Start meals with a vegetable platter: I always start my main meal with a vegetable platter (preferably raw) and some healthy dressing. This allows me to fill up sooner and eat less during my meal. It is a simple way to maintain our vegetable and fiber requirement for the day.
Healthy snacking: I’ve found that unhealthy and processed snacks can be a major cause of unnecessary caloric intake, and contribute to obesity and metabolic disorders. Eating a nutritious and healthy snack can boost your daily intake of essential nutrients such as fiber and antioxidants.

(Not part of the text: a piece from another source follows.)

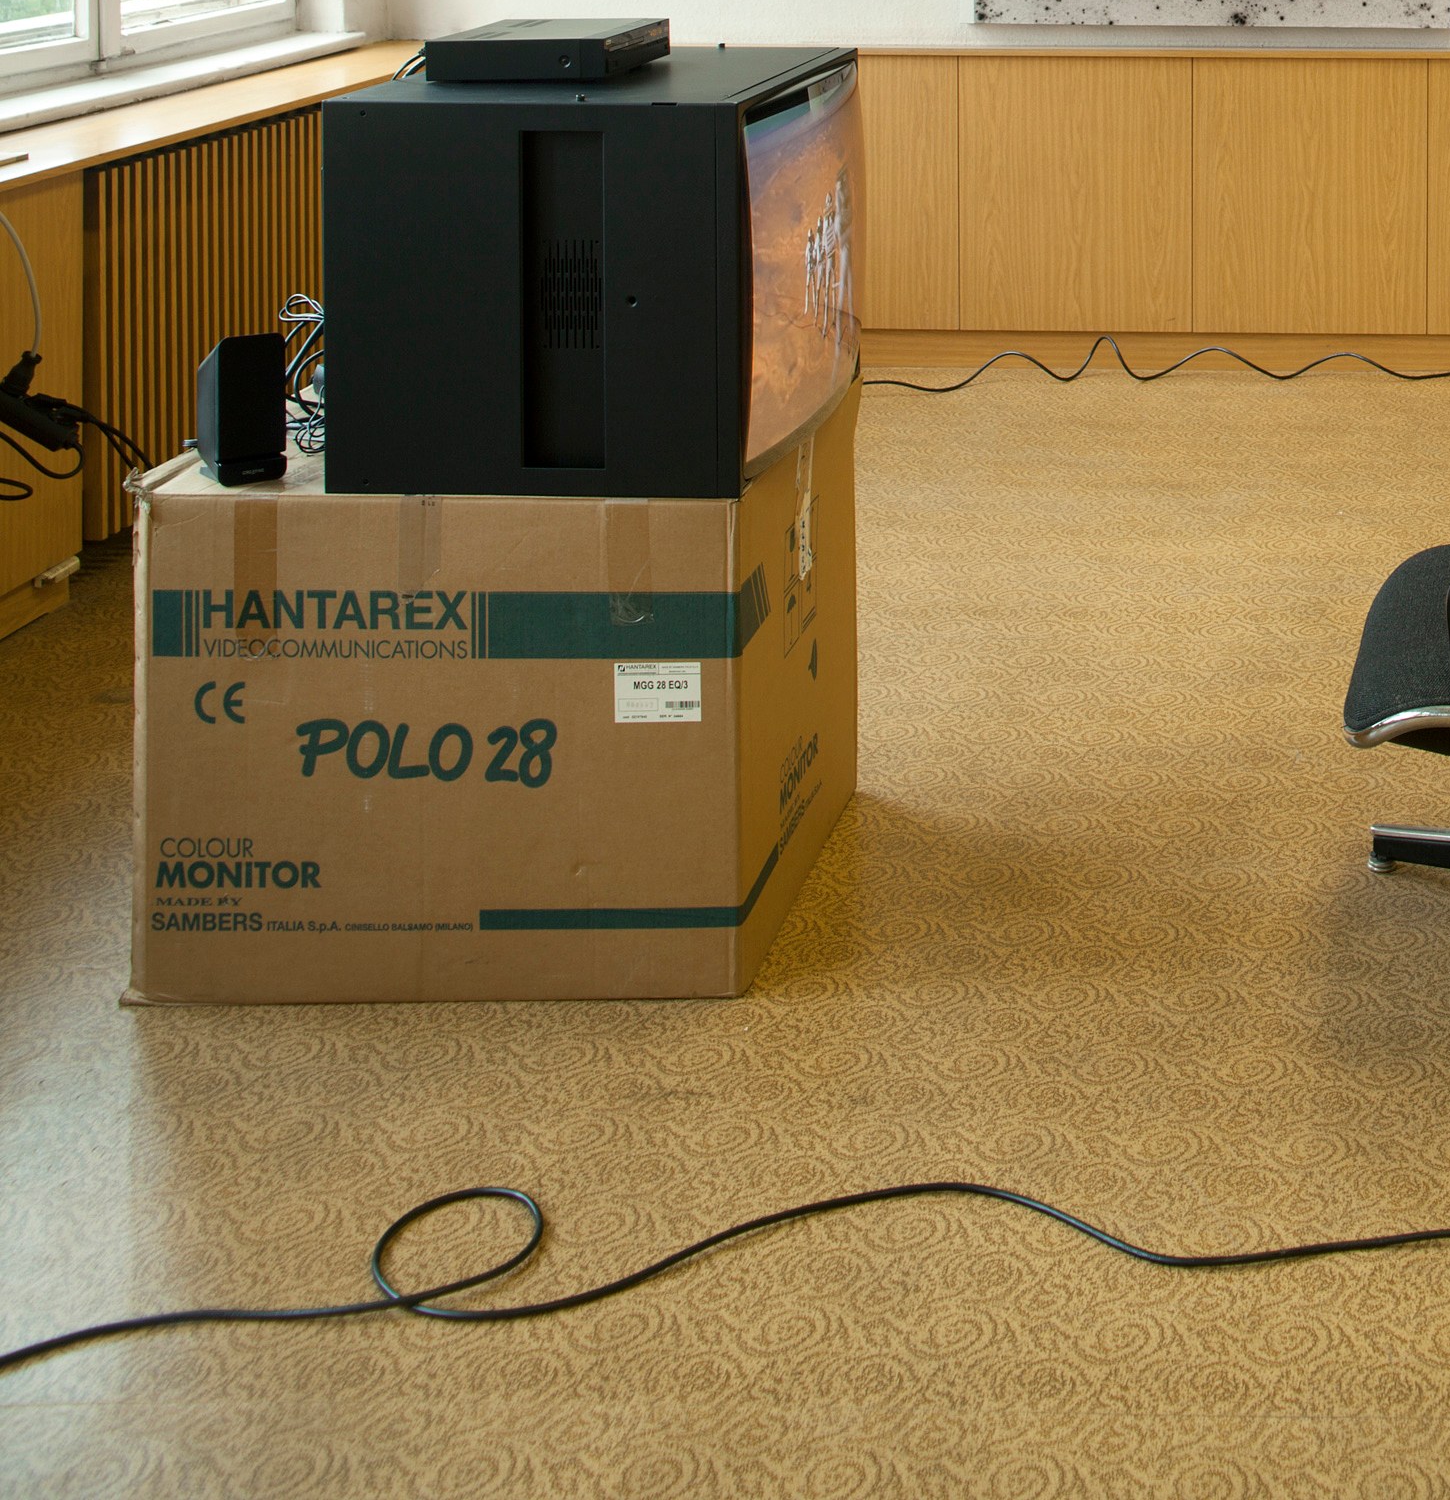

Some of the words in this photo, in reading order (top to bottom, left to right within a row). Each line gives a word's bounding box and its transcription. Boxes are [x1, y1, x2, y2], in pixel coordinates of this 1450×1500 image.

So I always try to snack on whole fruit (without peeling) and dry fruits as a way to get the adequate amount of fiber.
Replace white bread/rice with brown bread/rice: Studies suggest that brown rice and brown bread are both great sources of vitamin B-complex, fiber and proteins. Refined carbohydrates, such as white bread and white rice, are low in essential nutrients and have been linked with a range of health problems such as diabetes, cardiovascular disorders and obesity. Replacing these foods with healthier options can increase fiber intake and help us feel full longer.

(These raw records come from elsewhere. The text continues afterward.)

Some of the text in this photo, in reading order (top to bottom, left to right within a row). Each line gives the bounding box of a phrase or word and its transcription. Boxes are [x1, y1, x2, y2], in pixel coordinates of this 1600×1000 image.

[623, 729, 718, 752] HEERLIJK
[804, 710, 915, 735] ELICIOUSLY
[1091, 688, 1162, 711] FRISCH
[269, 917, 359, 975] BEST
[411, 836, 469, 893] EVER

Add beans to soups and stews: Just one cup of cooked black beans offers 15 grams of fiber. Adding beans in soups and stews is an excellent way to boost fiber intake. Don’t be afraid to be a little experimental while cooking. Beans taste great, satisfy hunger and help in healthy weight management.
Start with breakfast: Below I share what I used to eat for breakfast. It provided me a total of less than three grams of fiber and left me feeling unwell. A few small changes and I was able to increase my fiber intake and get closer to reaching my daily goal.
Previous breakfast menu:
1 cup orange juice or apple juice = less than 1 gram fiber
1 cup cornflakes = 1 gram fibre
1 slice white bread = 1 gram fiber
Current breakfast menu:
1 whole fruit of my choice (instead of fruit juice) = 3-4 grams fiber
1 cup raisin bran = 8 grams of fiber
2 slices whole wheat bread with almond butter and fruit toppings = more than 10 grams of fiber
I hope these steps help boost fiber intake for you and your family. What are your tips for including healthy ingredients in your diet?
Until then, eat healthy and live well!